Moraes nega prisão domiciliar “humanitária” a Bolsonaro; visitas foram canceladas

 

O ministro Alexandre de Moraes, do Supremo Tribunal Federal (STF), negou neste sábado (22) o pedido da defesa do ex-presidente Jair Bolsonaro para converter sua detenção em “prisão domiciliar humanitária”. A solicitação havia sido protocolada na sexta-feira (21), sob o argumento de que o encarceramento em penitenciária traria riscos à vida e à saúde do ex-mandatário.
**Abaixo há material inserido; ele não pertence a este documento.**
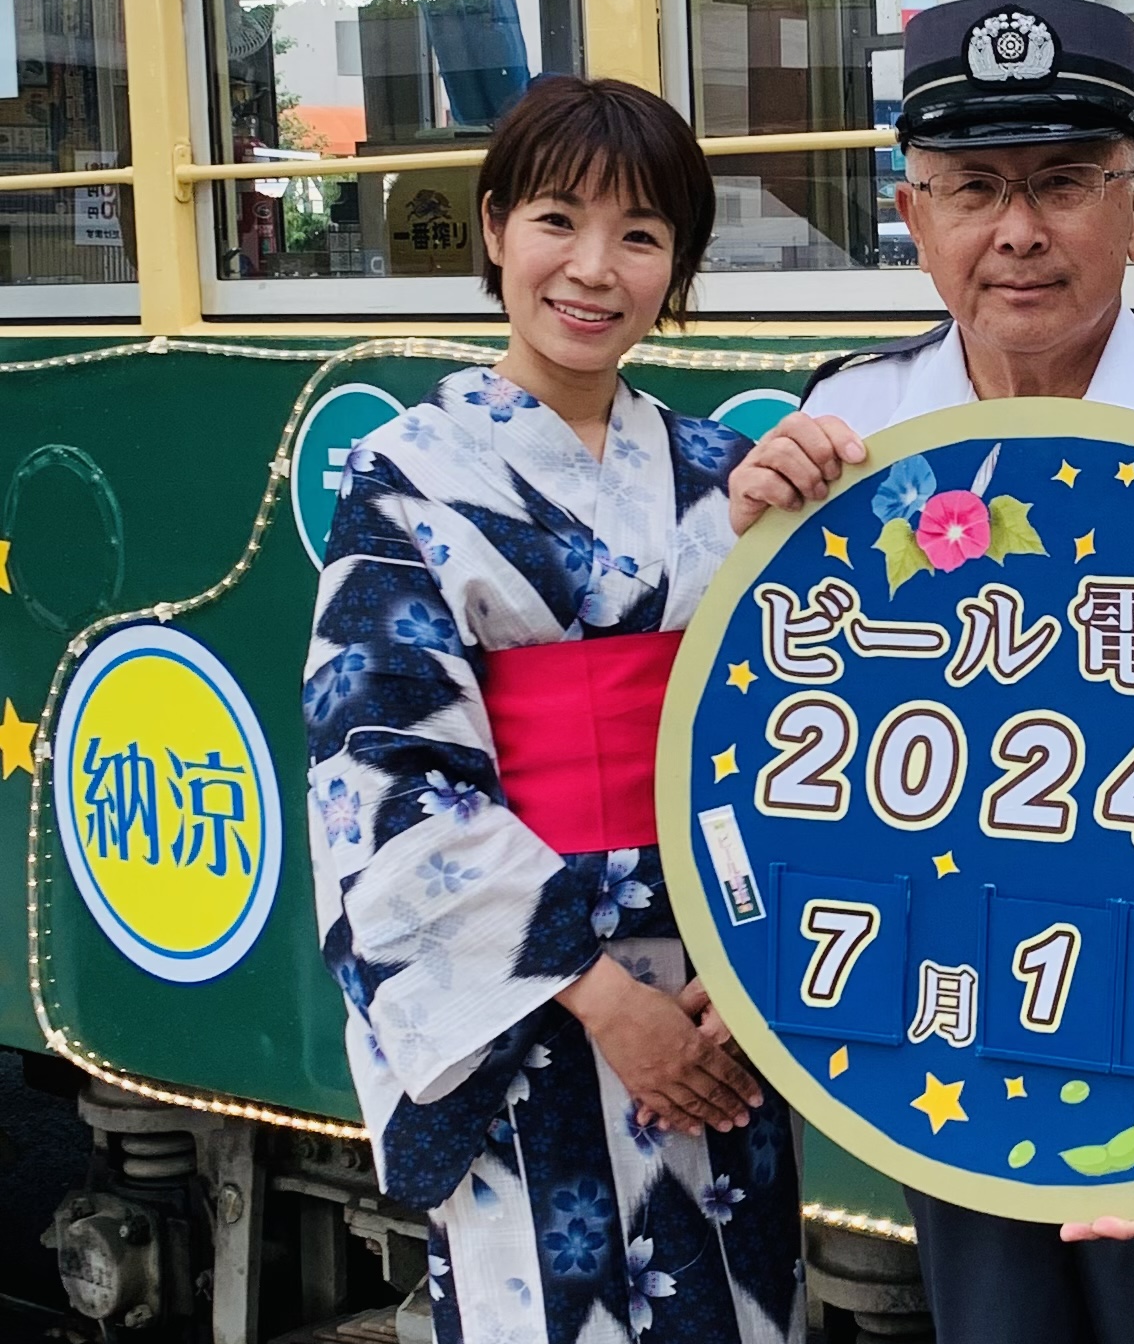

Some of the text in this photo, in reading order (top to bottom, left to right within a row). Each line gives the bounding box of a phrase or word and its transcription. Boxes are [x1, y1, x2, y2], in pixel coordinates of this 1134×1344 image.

[393, 222, 468, 250] 一番搾り
[82, 736, 252, 878] 納涼
Na decisão, Moraes explicou que o pedido “perdeu o objeto” diante do novo cenário: a decretação da prisão preventiva. O ministro determinou que Bolsonaro permaneça na Superintendência da Polícia Federal em Brasília até o trânsito em julgado da condenação de 27 anos e três meses, referente à trama golpista.

O magistrado esclareceu que a atual prisão tem caráter cautelar — visando impedir fuga — e não se confunde com o início da execução da pena. A definição sobre o local definitivo de cumprimento (se na PF, na Papuda ou em casa) só será avaliada após o julgamento do último recurso, cujo prazo vence nesta segunda-feira (24).

Todas as visitas, exceto de advogados constituídos, foram canceladas e dependerão de nova autorização judicial.